Start of Source data

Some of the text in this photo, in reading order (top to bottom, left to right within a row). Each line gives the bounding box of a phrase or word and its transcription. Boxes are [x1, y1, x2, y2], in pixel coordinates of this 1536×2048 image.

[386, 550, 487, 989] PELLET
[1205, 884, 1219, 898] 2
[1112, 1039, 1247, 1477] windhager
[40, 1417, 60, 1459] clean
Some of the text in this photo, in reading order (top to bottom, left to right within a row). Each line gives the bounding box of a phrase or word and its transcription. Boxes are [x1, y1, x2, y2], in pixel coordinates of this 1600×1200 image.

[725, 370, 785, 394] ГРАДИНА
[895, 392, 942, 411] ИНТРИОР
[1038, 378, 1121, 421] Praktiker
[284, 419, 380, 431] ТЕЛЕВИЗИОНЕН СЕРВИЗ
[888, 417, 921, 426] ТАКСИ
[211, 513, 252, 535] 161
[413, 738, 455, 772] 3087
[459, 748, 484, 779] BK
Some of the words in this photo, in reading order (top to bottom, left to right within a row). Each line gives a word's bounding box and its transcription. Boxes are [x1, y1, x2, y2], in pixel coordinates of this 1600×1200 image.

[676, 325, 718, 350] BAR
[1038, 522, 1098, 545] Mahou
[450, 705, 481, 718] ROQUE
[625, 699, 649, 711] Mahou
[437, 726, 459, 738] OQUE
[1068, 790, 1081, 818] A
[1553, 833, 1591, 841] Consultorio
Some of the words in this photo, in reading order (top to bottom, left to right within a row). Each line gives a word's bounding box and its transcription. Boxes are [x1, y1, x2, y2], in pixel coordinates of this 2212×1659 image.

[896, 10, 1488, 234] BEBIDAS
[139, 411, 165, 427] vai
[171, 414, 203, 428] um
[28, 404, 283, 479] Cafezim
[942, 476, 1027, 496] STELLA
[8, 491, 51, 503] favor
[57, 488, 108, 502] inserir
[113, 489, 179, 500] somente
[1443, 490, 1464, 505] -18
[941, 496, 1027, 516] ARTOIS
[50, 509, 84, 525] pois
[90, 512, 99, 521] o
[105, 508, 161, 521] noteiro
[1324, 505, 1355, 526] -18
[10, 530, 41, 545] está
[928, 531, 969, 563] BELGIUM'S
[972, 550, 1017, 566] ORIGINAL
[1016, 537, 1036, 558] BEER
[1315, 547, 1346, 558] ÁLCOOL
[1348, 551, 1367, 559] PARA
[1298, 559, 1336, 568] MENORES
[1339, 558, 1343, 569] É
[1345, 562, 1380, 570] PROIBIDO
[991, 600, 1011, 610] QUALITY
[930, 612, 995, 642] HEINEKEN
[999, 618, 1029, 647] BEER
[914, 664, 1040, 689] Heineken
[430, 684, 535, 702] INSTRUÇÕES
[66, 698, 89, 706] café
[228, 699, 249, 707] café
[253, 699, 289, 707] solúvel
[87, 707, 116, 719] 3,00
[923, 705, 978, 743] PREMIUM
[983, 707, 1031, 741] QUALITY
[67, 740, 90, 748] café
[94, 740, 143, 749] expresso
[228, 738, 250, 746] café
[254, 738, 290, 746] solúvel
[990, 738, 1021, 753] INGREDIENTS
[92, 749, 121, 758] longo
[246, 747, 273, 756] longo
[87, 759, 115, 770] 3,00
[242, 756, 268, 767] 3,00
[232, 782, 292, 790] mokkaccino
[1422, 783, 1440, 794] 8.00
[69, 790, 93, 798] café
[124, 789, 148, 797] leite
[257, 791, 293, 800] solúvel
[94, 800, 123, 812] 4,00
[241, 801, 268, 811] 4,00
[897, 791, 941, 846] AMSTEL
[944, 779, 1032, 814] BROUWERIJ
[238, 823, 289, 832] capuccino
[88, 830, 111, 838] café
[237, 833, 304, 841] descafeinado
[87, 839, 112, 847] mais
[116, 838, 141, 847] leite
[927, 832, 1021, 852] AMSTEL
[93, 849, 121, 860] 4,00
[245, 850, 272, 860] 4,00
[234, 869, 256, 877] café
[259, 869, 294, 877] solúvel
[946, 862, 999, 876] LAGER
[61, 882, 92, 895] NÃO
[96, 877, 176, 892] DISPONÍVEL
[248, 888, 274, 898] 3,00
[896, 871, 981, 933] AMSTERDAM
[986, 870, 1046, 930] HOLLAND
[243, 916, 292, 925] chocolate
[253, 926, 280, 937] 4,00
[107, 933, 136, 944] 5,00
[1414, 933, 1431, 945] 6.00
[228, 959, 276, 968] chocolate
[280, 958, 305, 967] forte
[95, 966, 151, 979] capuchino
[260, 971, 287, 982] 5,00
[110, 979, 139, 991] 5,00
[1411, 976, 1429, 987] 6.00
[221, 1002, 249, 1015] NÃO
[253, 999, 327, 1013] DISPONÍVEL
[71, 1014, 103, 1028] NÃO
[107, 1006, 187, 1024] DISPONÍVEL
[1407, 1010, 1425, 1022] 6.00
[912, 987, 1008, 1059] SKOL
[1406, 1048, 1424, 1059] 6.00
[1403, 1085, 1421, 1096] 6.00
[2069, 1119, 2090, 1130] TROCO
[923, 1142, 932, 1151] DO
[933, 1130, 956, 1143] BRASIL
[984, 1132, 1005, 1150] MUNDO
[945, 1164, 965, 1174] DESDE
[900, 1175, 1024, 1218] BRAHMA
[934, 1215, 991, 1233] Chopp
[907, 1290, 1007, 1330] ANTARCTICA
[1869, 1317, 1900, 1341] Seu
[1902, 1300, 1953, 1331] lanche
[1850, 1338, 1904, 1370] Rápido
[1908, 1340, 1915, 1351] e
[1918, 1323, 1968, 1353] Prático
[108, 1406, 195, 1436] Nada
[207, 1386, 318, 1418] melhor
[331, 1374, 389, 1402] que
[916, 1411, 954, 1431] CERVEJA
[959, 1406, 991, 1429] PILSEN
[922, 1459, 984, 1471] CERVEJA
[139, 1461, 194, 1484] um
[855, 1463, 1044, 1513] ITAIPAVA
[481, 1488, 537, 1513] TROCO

End of Source data

> Your objective: Each line of the data is to be transcribed exactly, with nothing left out.

> Final answer:
Some of the text in this photo, in reading order (top to bottom, left to right within a row). Each line gives the bounding box of a phrase or word and its transcription. Boxes are [x1, y1, x2, y2], in pixel coordinates of this 1536×2048 image.

[386, 550, 487, 989] PELLET
[1205, 884, 1219, 898] 2
[1112, 1039, 1247, 1477] windhager
[40, 1417, 60, 1459] clean
Some of the text in this photo, in reading order (top to bottom, left to right within a row). Each line gives the bounding box of a phrase or word and its transcription. Boxes are [x1, y1, x2, y2], in pixel coordinates of this 1600×1200 image.

[725, 370, 785, 394] ГРАДИНА
[895, 392, 942, 411] ИНТРИОР
[1038, 378, 1121, 421] Praktiker
[284, 419, 380, 431] ТЕЛЕВИЗИОНЕН СЕРВИЗ
[888, 417, 921, 426] ТАКСИ
[211, 513, 252, 535] 161
[413, 738, 455, 772] 3087
[459, 748, 484, 779] BK
Some of the words in this photo, in reading order (top to bottom, left to right within a row). Each line gives a word's bounding box and its transcription. Boxes are [x1, y1, x2, y2], in pixel coordinates of this 1600×1200 image.

[676, 325, 718, 350] BAR
[1038, 522, 1098, 545] Mahou
[450, 705, 481, 718] ROQUE
[625, 699, 649, 711] Mahou
[437, 726, 459, 738] OQUE
[1068, 790, 1081, 818] A
[1553, 833, 1591, 841] Consultorio
Some of the words in this photo, in reading order (top to bottom, left to right within a row). Each line gives a word's bounding box and its transcription. Boxes are [x1, y1, x2, y2], in pixel coordinates of this 2212×1659 image.

[896, 10, 1488, 234] BEBIDAS
[139, 411, 165, 427] vai
[171, 414, 203, 428] um
[28, 404, 283, 479] Cafezim
[942, 476, 1027, 496] STELLA
[8, 491, 51, 503] favor
[57, 488, 108, 502] inserir
[113, 489, 179, 500] somente
[1443, 490, 1464, 505] -18
[941, 496, 1027, 516] ARTOIS
[50, 509, 84, 525] pois
[90, 512, 99, 521] o
[105, 508, 161, 521] noteiro
[1324, 505, 1355, 526] -18
[10, 530, 41, 545] está
[928, 531, 969, 563] BELGIUM'S
[972, 550, 1017, 566] ORIGINAL
[1016, 537, 1036, 558] BEER
[1315, 547, 1346, 558] ÁLCOOL
[1348, 551, 1367, 559] PARA
[1298, 559, 1336, 568] MENORES
[1339, 558, 1343, 569] É
[1345, 562, 1380, 570] PROIBIDO
[991, 600, 1011, 610] QUALITY
[930, 612, 995, 642] HEINEKEN
[999, 618, 1029, 647] BEER
[914, 664, 1040, 689] Heineken
[430, 684, 535, 702] INSTRUÇÕES
[66, 698, 89, 706] café
[228, 699, 249, 707] café
[253, 699, 289, 707] solúvel
[87, 707, 116, 719] 3,00
[923, 705, 978, 743] PREMIUM
[983, 707, 1031, 741] QUALITY
[67, 740, 90, 748] café
[94, 740, 143, 749] expresso
[228, 738, 250, 746] café
[254, 738, 290, 746] solúvel
[990, 738, 1021, 753] INGREDIENTS
[92, 749, 121, 758] longo
[246, 747, 273, 756] longo
[87, 759, 115, 770] 3,00
[242, 756, 268, 767] 3,00
[232, 782, 292, 790] mokkaccino
[1422, 783, 1440, 794] 8.00
[69, 790, 93, 798] café
[124, 789, 148, 797] leite
[257, 791, 293, 800] solúvel
[94, 800, 123, 812] 4,00
[241, 801, 268, 811] 4,00
[897, 791, 941, 846] AMSTEL
[944, 779, 1032, 814] BROUWERIJ
[238, 823, 289, 832] capuccino
[88, 830, 111, 838] café
[237, 833, 304, 841] descafeinado
[87, 839, 112, 847] mais
[116, 838, 141, 847] leite
[927, 832, 1021, 852] AMSTEL
[93, 849, 121, 860] 4,00
[245, 850, 272, 860] 4,00
[234, 869, 256, 877] café
[259, 869, 294, 877] solúvel
[946, 862, 999, 876] LAGER
[61, 882, 92, 895] NÃO
[96, 877, 176, 892] DISPONÍVEL
[248, 888, 274, 898] 3,00
[896, 871, 981, 933] AMSTERDAM
[986, 870, 1046, 930] HOLLAND
[243, 916, 292, 925] chocolate
[253, 926, 280, 937] 4,00
[107, 933, 136, 944] 5,00
[1414, 933, 1431, 945] 6.00
[228, 959, 276, 968] chocolate
[280, 958, 305, 967] forte
[95, 966, 151, 979] capuchino
[260, 971, 287, 982] 5,00
[110, 979, 139, 991] 5,00
[1411, 976, 1429, 987] 6.00
[221, 1002, 249, 1015] NÃO
[253, 999, 327, 1013] DISPONÍVEL
[71, 1014, 103, 1028] NÃO
[107, 1006, 187, 1024] DISPONÍVEL
[1407, 1010, 1425, 1022] 6.00
[912, 987, 1008, 1059] SKOL
[1406, 1048, 1424, 1059] 6.00
[1403, 1085, 1421, 1096] 6.00
[2069, 1119, 2090, 1130] TROCO
[923, 1142, 932, 1151] DO
[933, 1130, 956, 1143] BRASIL
[984, 1132, 1005, 1150] MUNDO
[945, 1164, 965, 1174] DESDE
[900, 1175, 1024, 1218] BRAHMA
[934, 1215, 991, 1233] Chopp
[907, 1290, 1007, 1330] ANTARCTICA
[1869, 1317, 1900, 1341] Seu
[1902, 1300, 1953, 1331] lanche
[1850, 1338, 1904, 1370] Rápido
[1908, 1340, 1915, 1351] e
[1918, 1323, 1968, 1353] Prático
[108, 1406, 195, 1436] Nada
[207, 1386, 318, 1418] melhor
[331, 1374, 389, 1402] que
[916, 1411, 954, 1431] CERVEJA
[959, 1406, 991, 1429] PILSEN
[922, 1459, 984, 1471] CERVEJA
[139, 1461, 194, 1484] um
[855, 1463, 1044, 1513] ITAIPAVA
[481, 1488, 537, 1513] TROCO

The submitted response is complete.